**MATERIAL FOR THE TASK**
- - - -
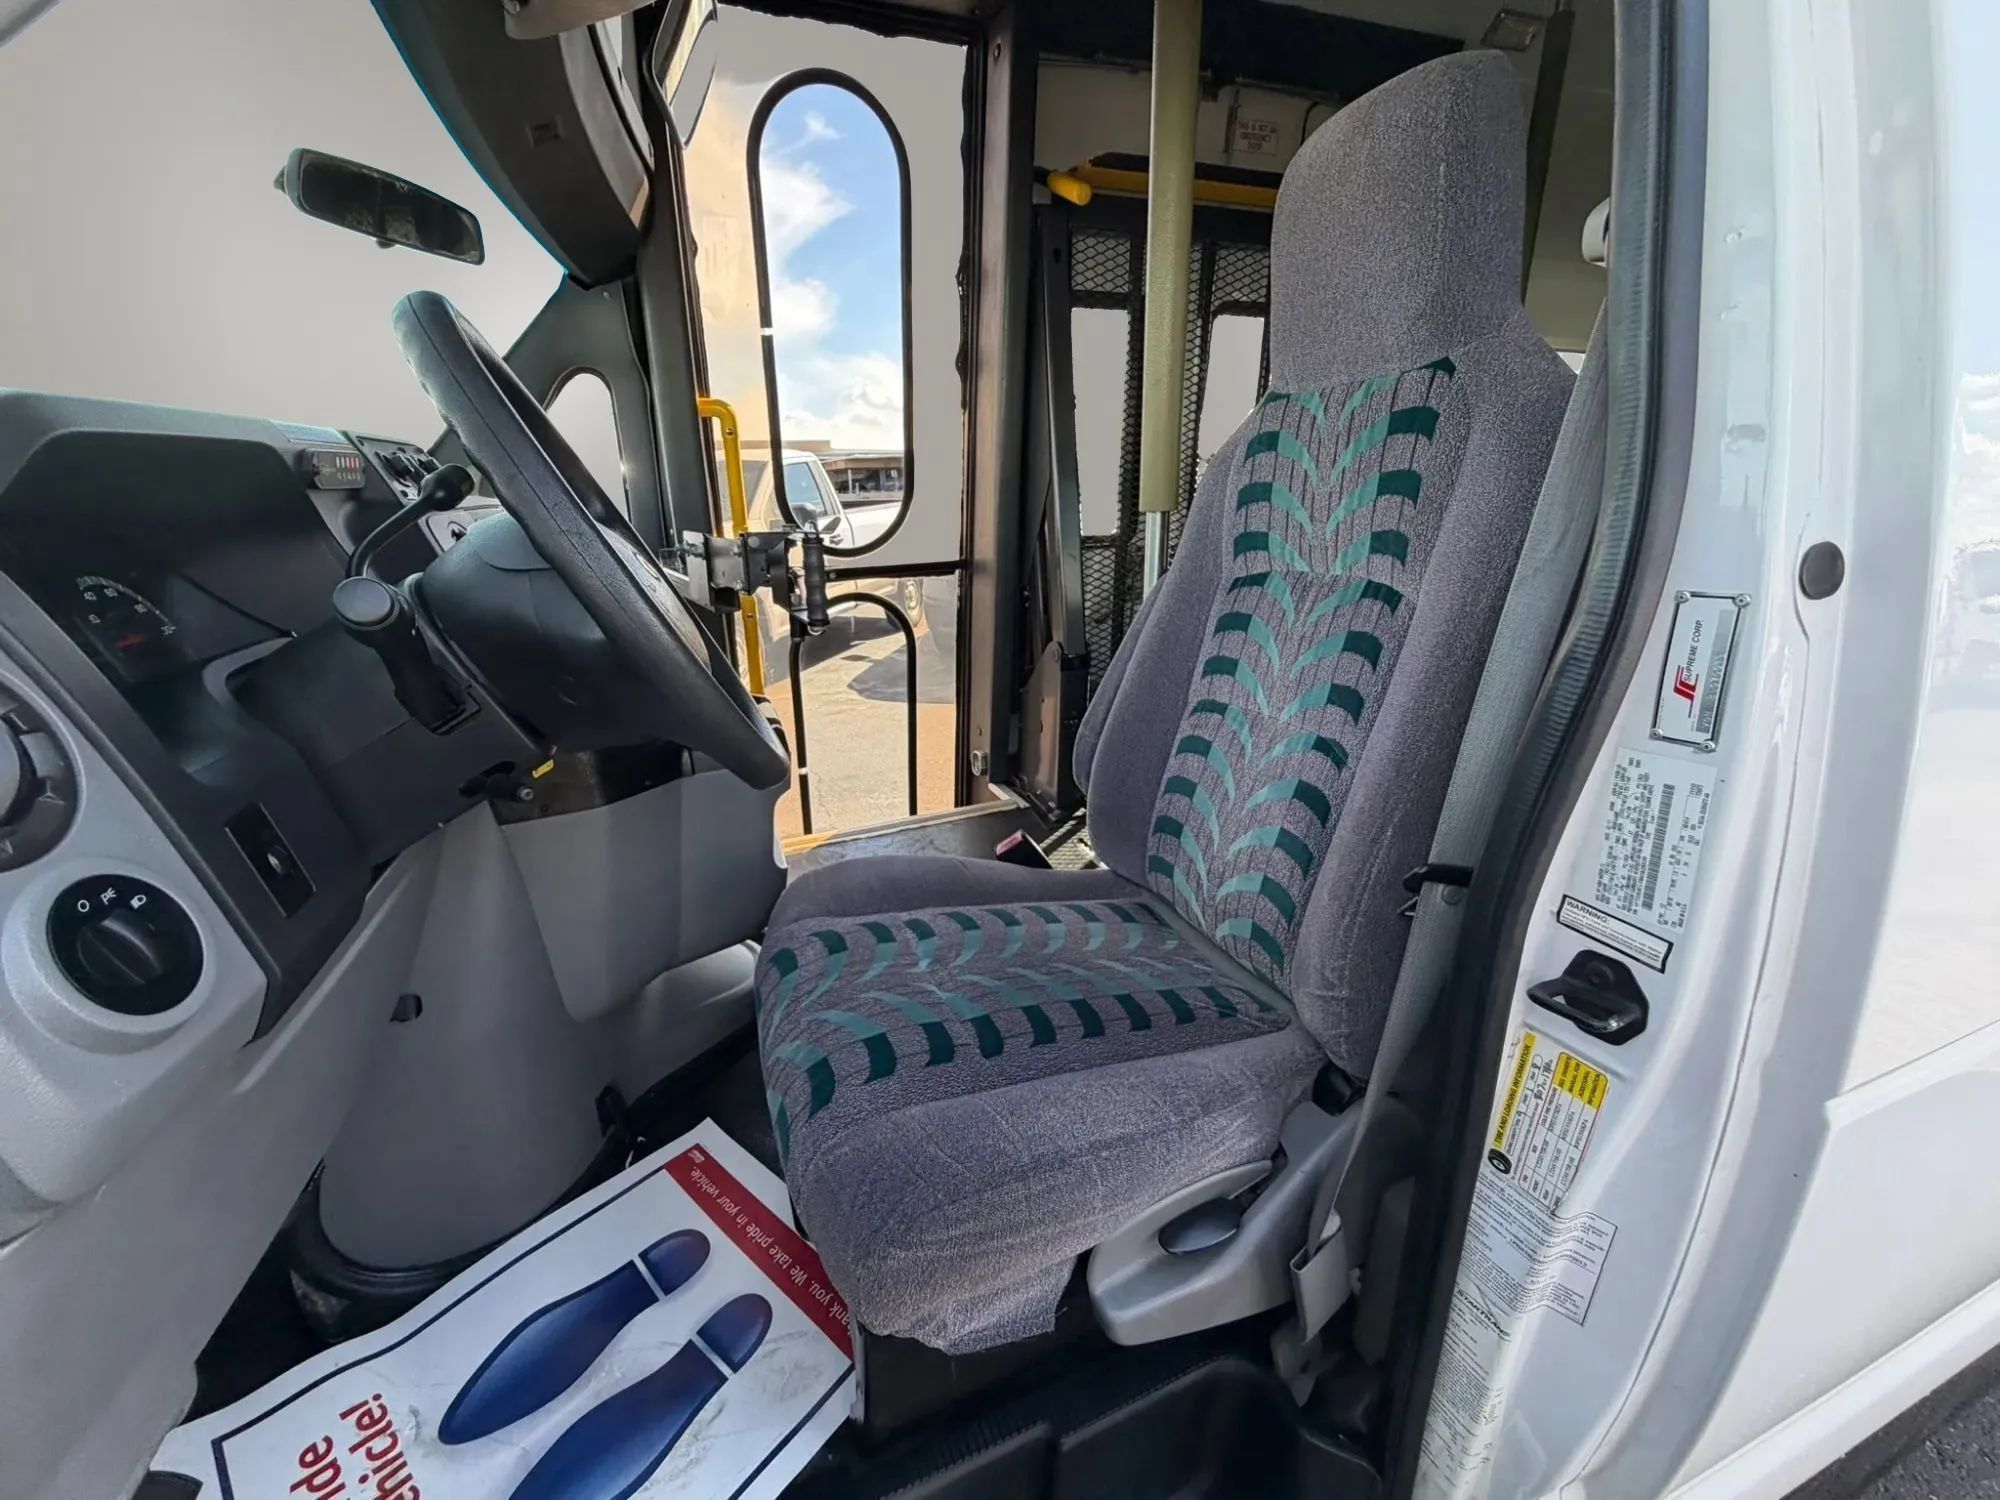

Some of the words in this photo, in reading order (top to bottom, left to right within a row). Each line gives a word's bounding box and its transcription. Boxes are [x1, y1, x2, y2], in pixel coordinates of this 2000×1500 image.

[1682, 644, 1698, 682] SUPREME
[1690, 618, 1703, 643] CORP.
[1566, 899, 1610, 924] WARNING:
[1513, 1045, 1531, 1089] INFORMATION
[1503, 1088, 1516, 1116] LOADING
[1498, 1115, 1508, 1130] AND
[1494, 1128, 1503, 1144] TIRE
[691, 1166, 720, 1198] vehicle.
[716, 1195, 741, 1217] your
[735, 1214, 748, 1228] in
[746, 1224, 774, 1248] pride
[769, 1247, 792, 1269] take
[790, 1265, 808, 1286] We
[810, 1281, 832, 1308] you.
[829, 1301, 852, 1336] hank
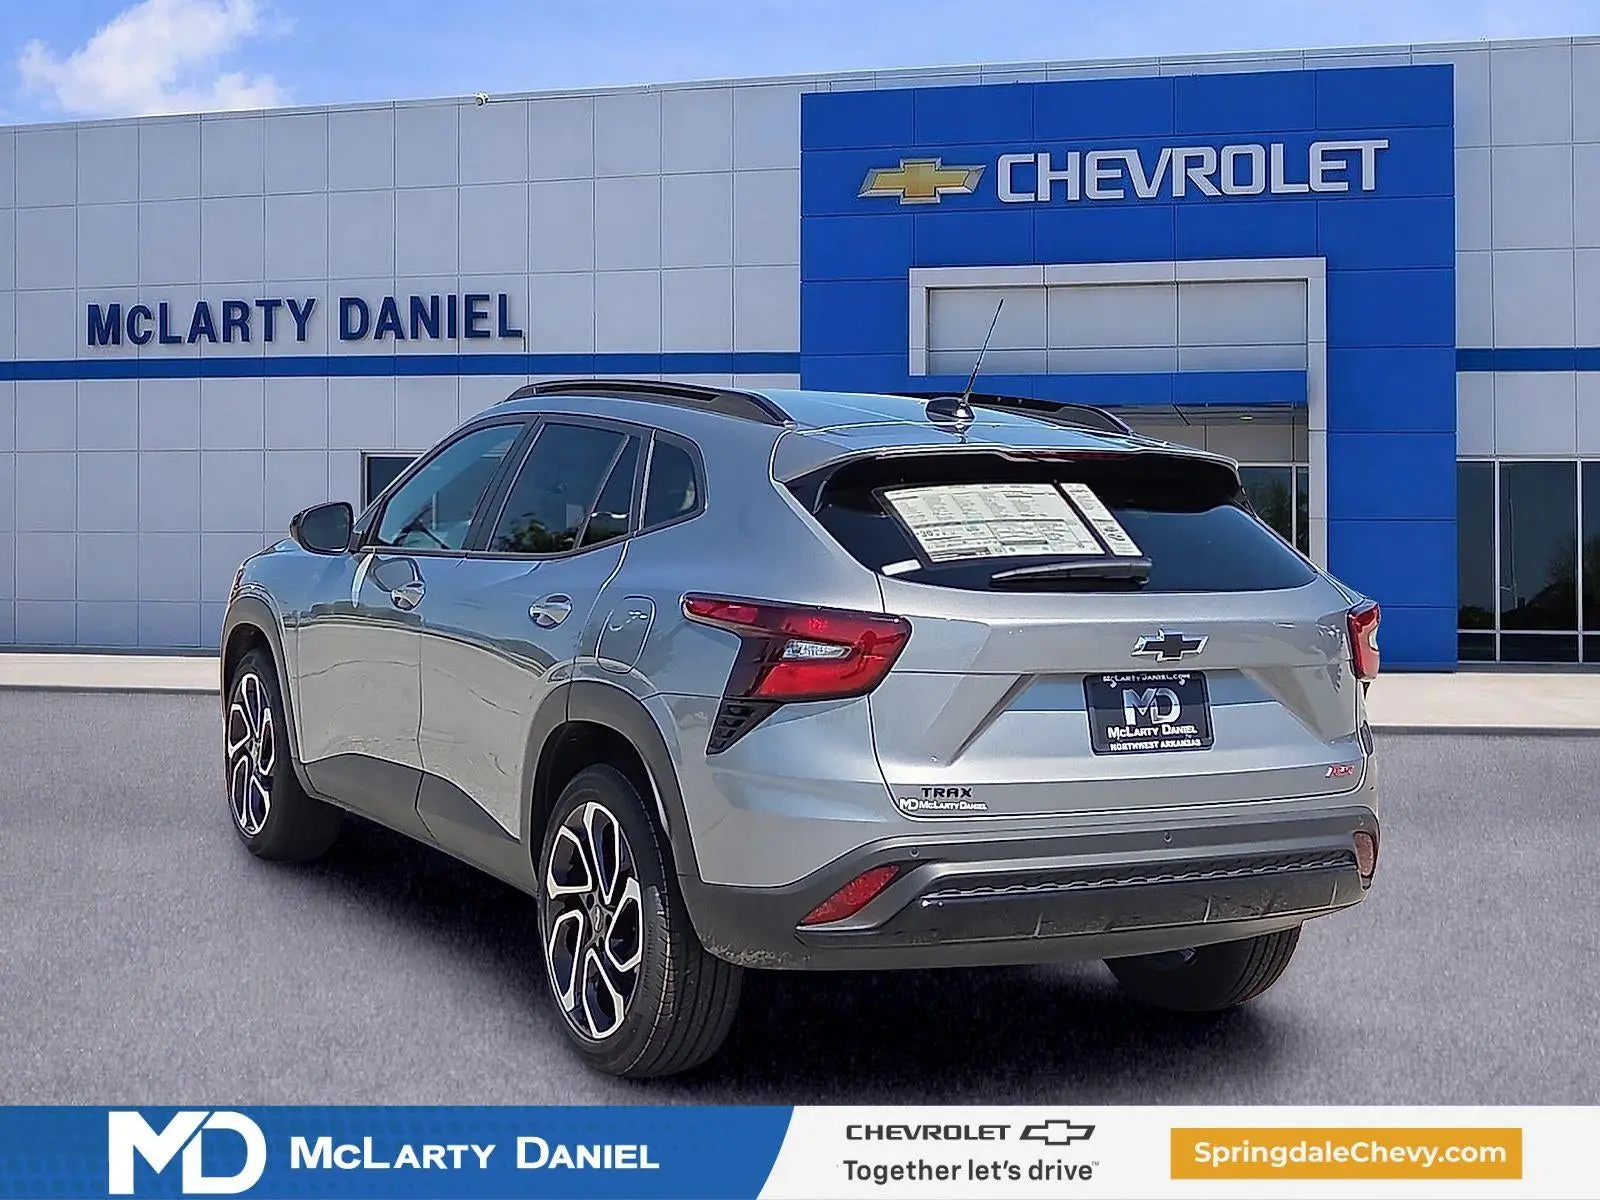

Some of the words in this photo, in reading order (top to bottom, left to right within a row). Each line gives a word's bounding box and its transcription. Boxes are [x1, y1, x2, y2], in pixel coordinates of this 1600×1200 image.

[998, 139, 1388, 205] CHEVROLET
[340, 293, 524, 341] DANIEL
[1123, 688, 1181, 726] MD
[921, 787, 972, 798] TRAX
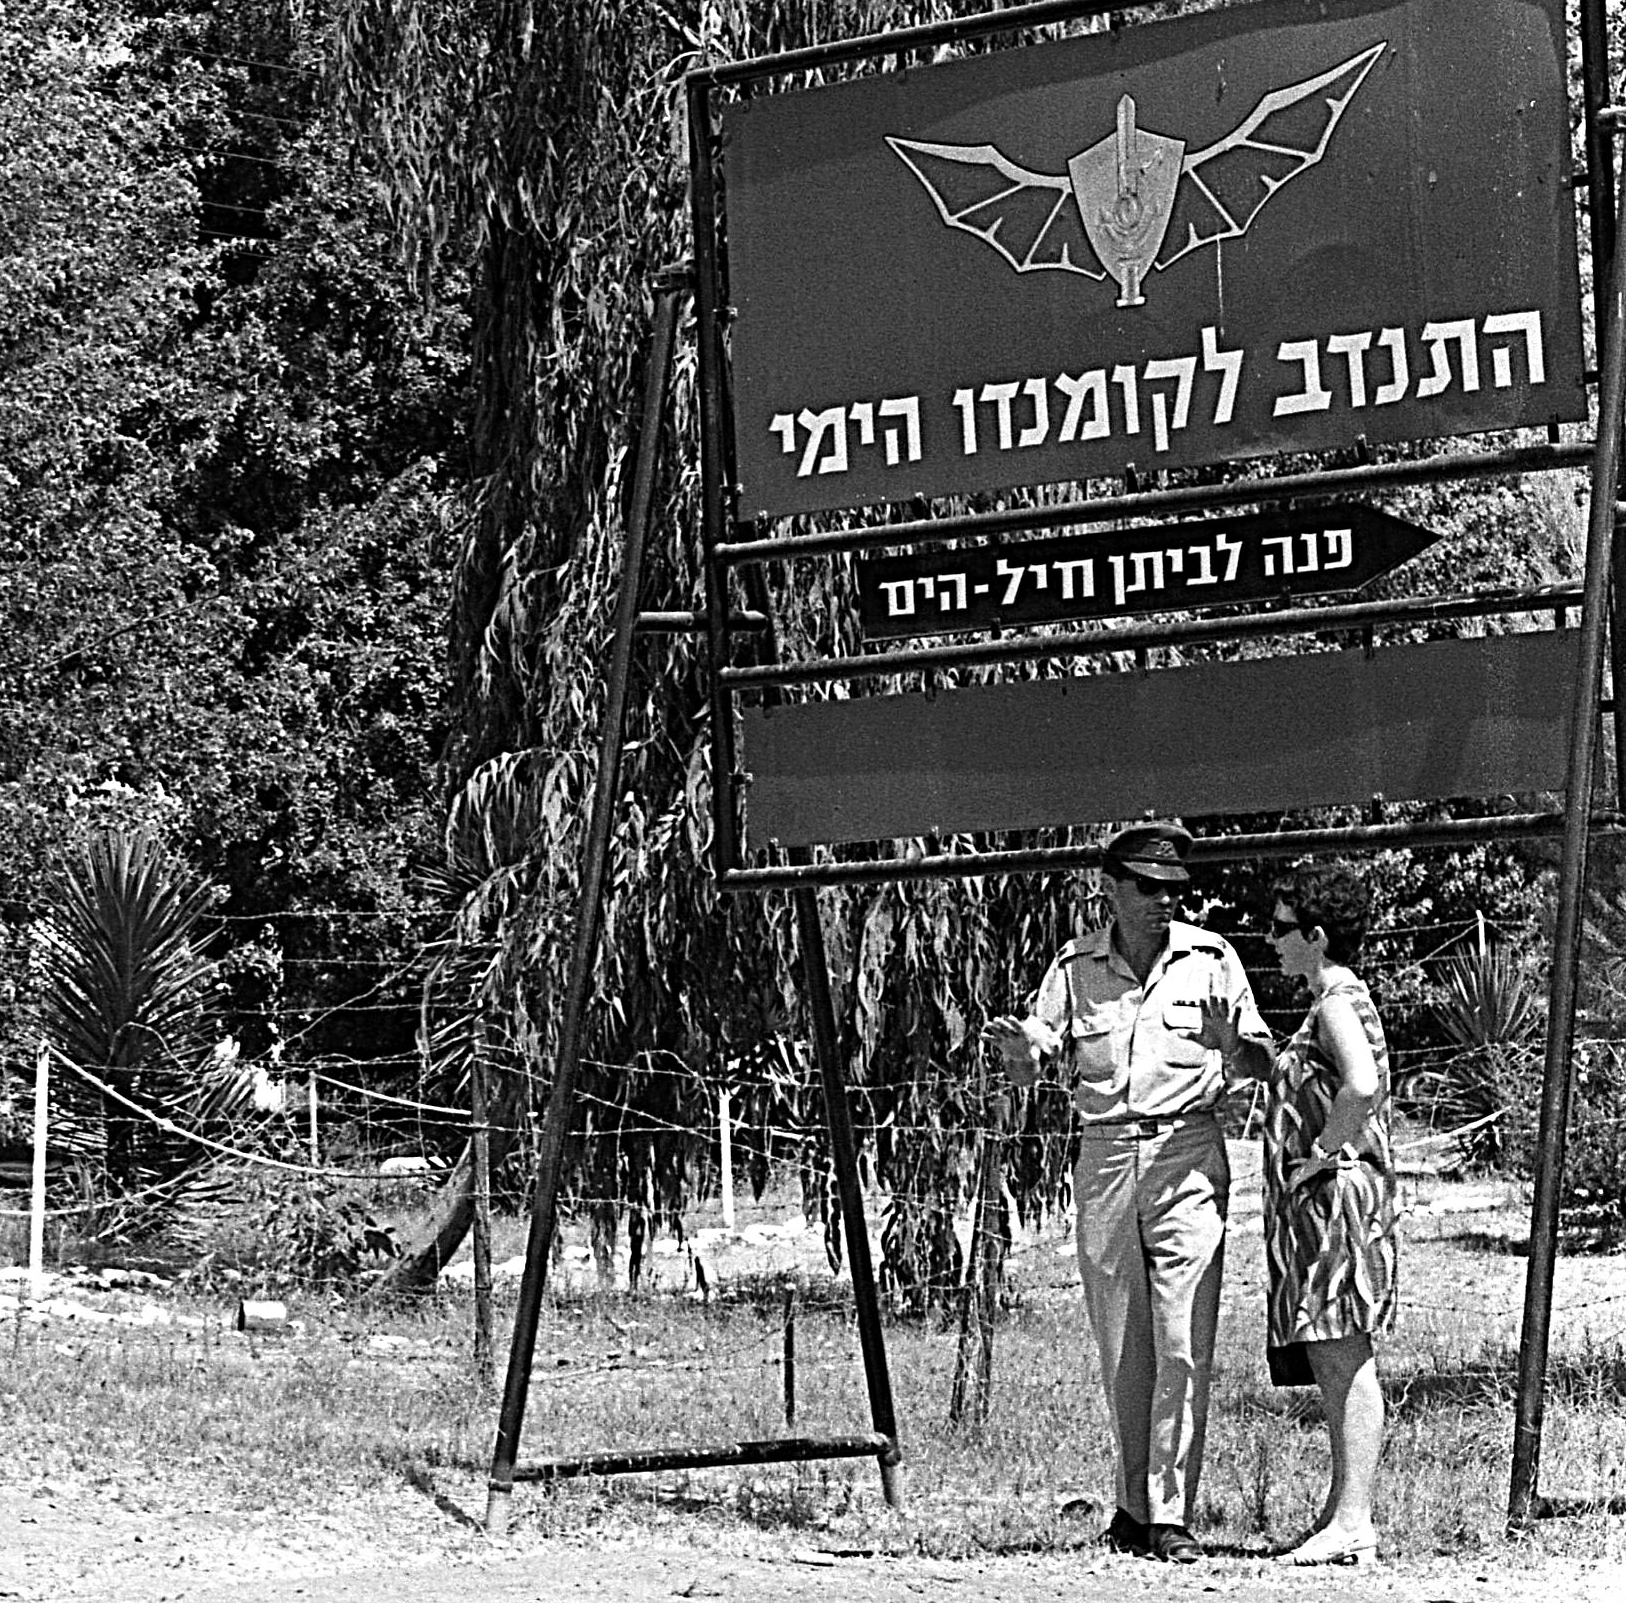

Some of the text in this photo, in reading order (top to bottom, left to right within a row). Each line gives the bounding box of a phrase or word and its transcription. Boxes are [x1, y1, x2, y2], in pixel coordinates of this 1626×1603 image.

[769, 310, 1545, 477] התנדב לקומנדו הימי
[879, 529, 1352, 616] פנה לביתן חיל-הים
- - - -
**DESCRIPTION OF THE TASK**
Copy each line above exactly, with no images.

**EXERCISE RESPONSE**
Some of the words in this photo, in reading order (top to bottom, left to right within a row). Each line gives a word's bounding box and its transcription. Boxes are [x1, y1, x2, y2], in pixel coordinates of this 2000×1500 image.

[1682, 644, 1698, 682] SUPREME
[1690, 618, 1703, 643] CORP.
[1566, 899, 1610, 924] WARNING:
[1513, 1045, 1531, 1089] INFORMATION
[1503, 1088, 1516, 1116] LOADING
[1498, 1115, 1508, 1130] AND
[1494, 1128, 1503, 1144] TIRE
[691, 1166, 720, 1198] vehicle.
[716, 1195, 741, 1217] your
[735, 1214, 748, 1228] in
[746, 1224, 774, 1248] pride
[769, 1247, 792, 1269] take
[790, 1265, 808, 1286] We
[810, 1281, 832, 1308] you.
[829, 1301, 852, 1336] hank

Some of the words in this photo, in reading order (top to bottom, left to right within a row). Each line gives a word's bounding box and its transcription. Boxes are [x1, y1, x2, y2], in pixel coordinates of this 1600×1200 image.

[998, 139, 1388, 205] CHEVROLET
[340, 293, 524, 341] DANIEL
[1123, 688, 1181, 726] MD
[921, 787, 972, 798] TRAX

Some of the text in this photo, in reading order (top to bottom, left to right within a row). Each line gives the bounding box of a phrase or word and its transcription. Boxes are [x1, y1, x2, y2], in pixel coordinates of this 1626×1603 image.

[769, 310, 1545, 477] התנדב לקומנדו הימי
[879, 529, 1352, 616] פנה לביתן חיל-הים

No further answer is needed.